— Мне, таскать, продавать нет смысла. Сделаю сам, — сказал Митька. Закрутил он махорки и сходил в куть за спичками.
«Какой из тебя плотник?» — подумал Евграф, поникший плечами. Но ничего не сказал и горько задумался. В ту минуту прибежал в контору счетовод Зырин. Узнал, о чем речь, и крякнул. И задымили они в две трубы. Володя ключом открыл старинный (еще прадед Евграфа выстругивал) шкап с пролетарской документацией, купеческие лошкаревские счеты положил на стол и начал брякать костяшками. Брякает, а сам ногой притопывает да приговаривает:
— Ничего ты, Куземкин, не сделаешь!
— Это почему? — вскинулся Митька.
— А потому, что… лень-то родилась раньше нашего.

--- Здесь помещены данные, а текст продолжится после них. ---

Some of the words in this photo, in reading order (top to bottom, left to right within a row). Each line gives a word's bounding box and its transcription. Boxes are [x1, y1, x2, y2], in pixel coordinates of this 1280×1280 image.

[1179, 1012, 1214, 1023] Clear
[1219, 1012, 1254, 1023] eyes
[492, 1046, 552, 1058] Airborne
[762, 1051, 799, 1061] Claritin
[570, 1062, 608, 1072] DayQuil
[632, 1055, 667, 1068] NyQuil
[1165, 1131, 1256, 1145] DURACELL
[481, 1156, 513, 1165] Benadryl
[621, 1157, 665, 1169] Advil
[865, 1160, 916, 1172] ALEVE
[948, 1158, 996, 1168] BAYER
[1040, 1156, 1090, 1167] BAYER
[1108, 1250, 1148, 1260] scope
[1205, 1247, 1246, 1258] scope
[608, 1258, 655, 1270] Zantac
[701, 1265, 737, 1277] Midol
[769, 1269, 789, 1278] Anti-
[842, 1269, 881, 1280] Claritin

Митька забыл даже рот закрыть.
— Начальник ты у нас, раз! — Зырин брякнул одной костяшкой, скинул ее на левую сторону. — Второе: топора хорошего у тебя нету. Так или не так?
— Выточу! Точило есть!
— Переведут тебя в райён, как Микуленка, три! — Евграф кашлянул, а Зырин подмигнул и щелкнул налево третью костяшку. — В-четвертых… Забыли мы про Игнатья-то Павловича… У его всяко особое мненье насчет твоего сруба.

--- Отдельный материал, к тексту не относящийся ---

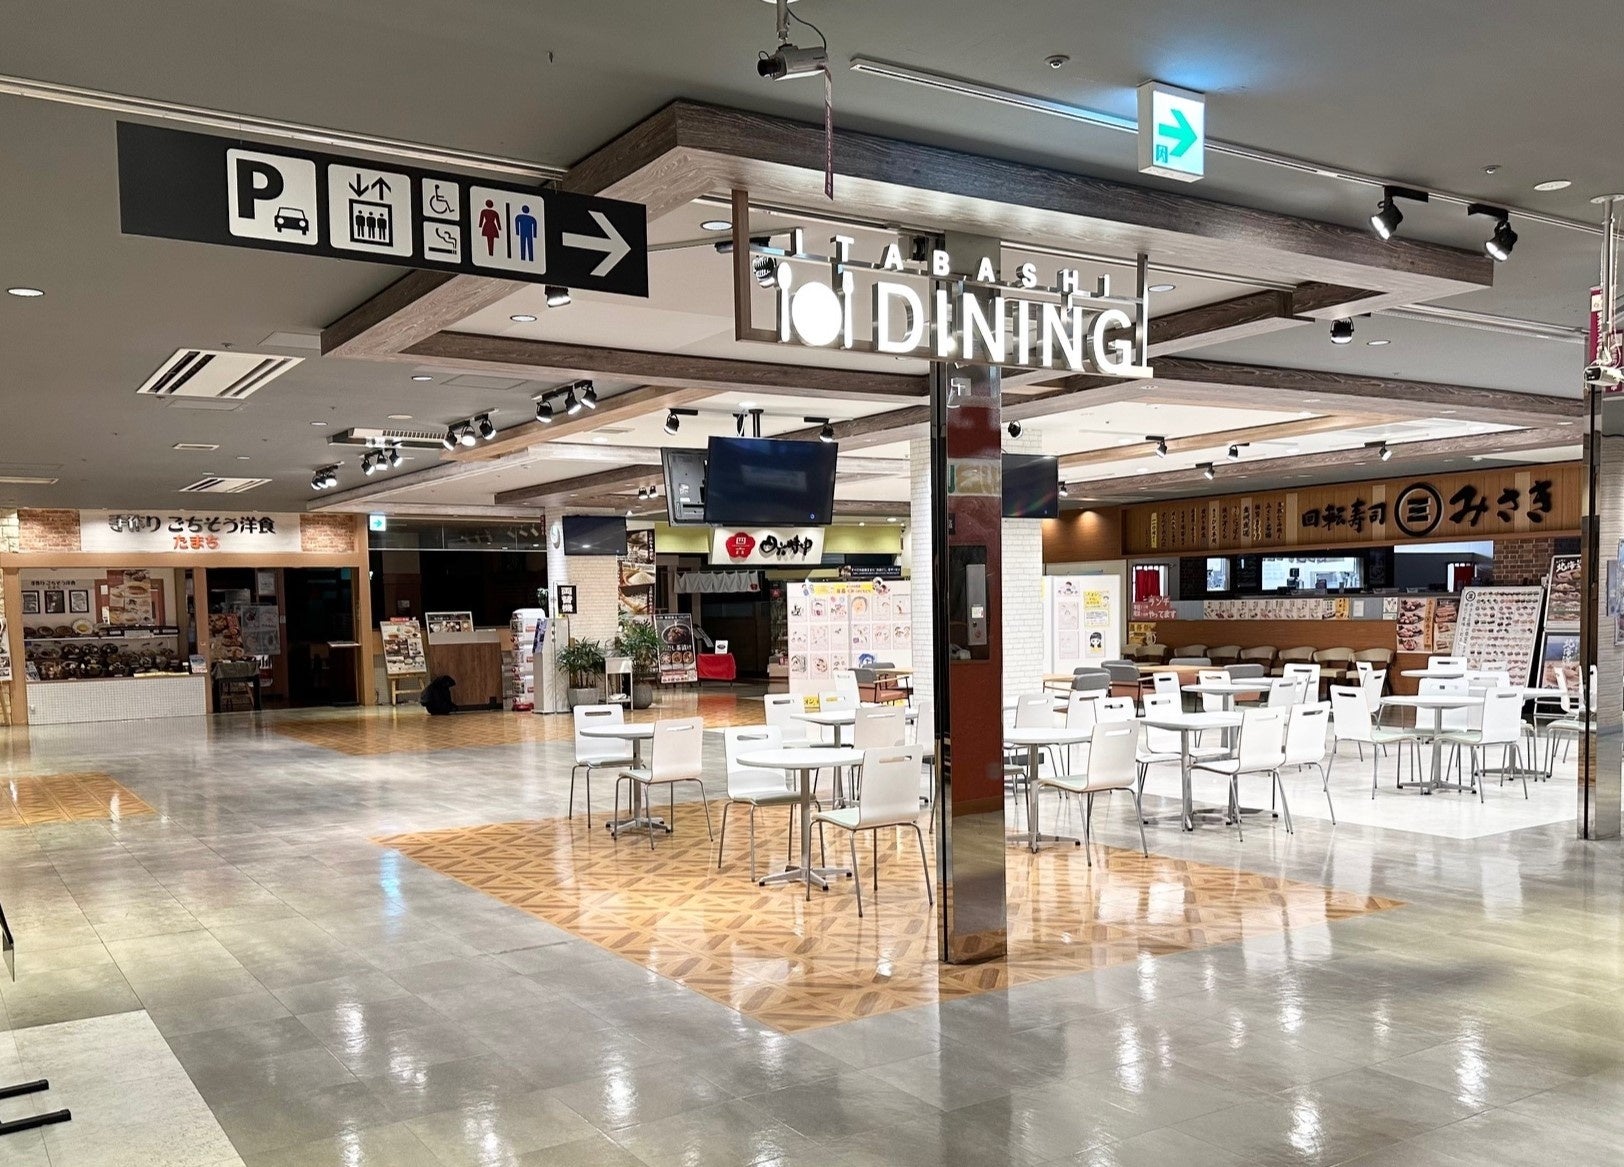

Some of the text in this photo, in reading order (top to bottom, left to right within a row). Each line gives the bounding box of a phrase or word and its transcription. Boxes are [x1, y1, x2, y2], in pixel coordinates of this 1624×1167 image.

[236, 158, 284, 219] P
[790, 228, 1110, 298] ITABASHI
[872, 281, 1134, 376] DINING
[108, 514, 276, 534] 手作り ごちそう洋食
[1301, 498, 1387, 533] 回転寿司
[1449, 479, 1553, 527] みさき
[173, 535, 220, 550] たまち
[1148, 609, 1177, 619] やってます

— А какое ему дело до моего сруба?
— Да на дрова Зойке! И у Сельки для клуба тоже лесных дров не нарублено…
Митька сообразил наконец, что Зырин его разыгрывает, и язык ему показал, как малый ребенок:
— А вот вам от моего сруба!
После этого замолчали все трое. Только ходики тикали, словно шилом тыкали в Евграфово сердце. Вспомнилось, как покупал эти часы на Кумзерской ярмарке.
— Придется мне селиться в Носопырёво подворье… — тихо молвил Евграф Миронов.

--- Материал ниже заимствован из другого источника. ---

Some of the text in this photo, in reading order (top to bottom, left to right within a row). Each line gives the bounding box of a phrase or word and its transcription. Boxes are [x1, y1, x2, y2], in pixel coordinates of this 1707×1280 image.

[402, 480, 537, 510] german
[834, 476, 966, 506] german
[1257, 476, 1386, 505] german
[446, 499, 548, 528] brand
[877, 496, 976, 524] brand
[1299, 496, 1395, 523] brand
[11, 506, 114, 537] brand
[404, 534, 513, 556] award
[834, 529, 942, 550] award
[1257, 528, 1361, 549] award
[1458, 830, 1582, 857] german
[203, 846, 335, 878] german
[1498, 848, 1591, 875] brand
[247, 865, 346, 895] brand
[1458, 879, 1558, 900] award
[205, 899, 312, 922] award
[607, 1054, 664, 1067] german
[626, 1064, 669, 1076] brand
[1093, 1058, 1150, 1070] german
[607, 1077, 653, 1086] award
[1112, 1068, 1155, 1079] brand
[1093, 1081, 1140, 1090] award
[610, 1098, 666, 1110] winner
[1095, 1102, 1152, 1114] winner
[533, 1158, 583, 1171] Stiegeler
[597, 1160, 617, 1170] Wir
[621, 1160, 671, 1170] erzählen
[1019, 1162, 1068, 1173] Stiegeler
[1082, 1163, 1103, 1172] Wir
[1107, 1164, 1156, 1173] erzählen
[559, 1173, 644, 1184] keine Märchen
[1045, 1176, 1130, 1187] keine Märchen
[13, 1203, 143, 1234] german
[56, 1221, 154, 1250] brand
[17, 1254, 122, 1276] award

— Димитрей! — снова вскинулся Володя Зырин. — Мы Евграфов дом Кеше бесплатно дали? Дали! Вот и пускай Евграф Миронов в Кешины хоромы въезжает. Мило-дорого…
Шутил Володя или всерьез говорил? Куземкин шуток не понимал. Не мог понять эту Володину шутку и сам Евграф. «Издеваются, гопники, — подумал он. — Им, кобелям, что? В ихних руках вся Шибаниха…»
— Я, таскать, не возражаю, пусть берет, — всерьез сказал председатель. — Только надо согласовать с Веричевым.
— А чего согласовывать? — сказал Зырин и опять подмигнул Евграфу. — С Кешей договоримся, и дело в шляпе. Дадим ему в придачу корову стельную и поселим Евграфа в Кешин дворец. Только в ем, во дворце-то, печь вроде бы обвалилась, и пол выломан…
— Пиши, товарищ Миронов, заявление! — важно сказал Митька.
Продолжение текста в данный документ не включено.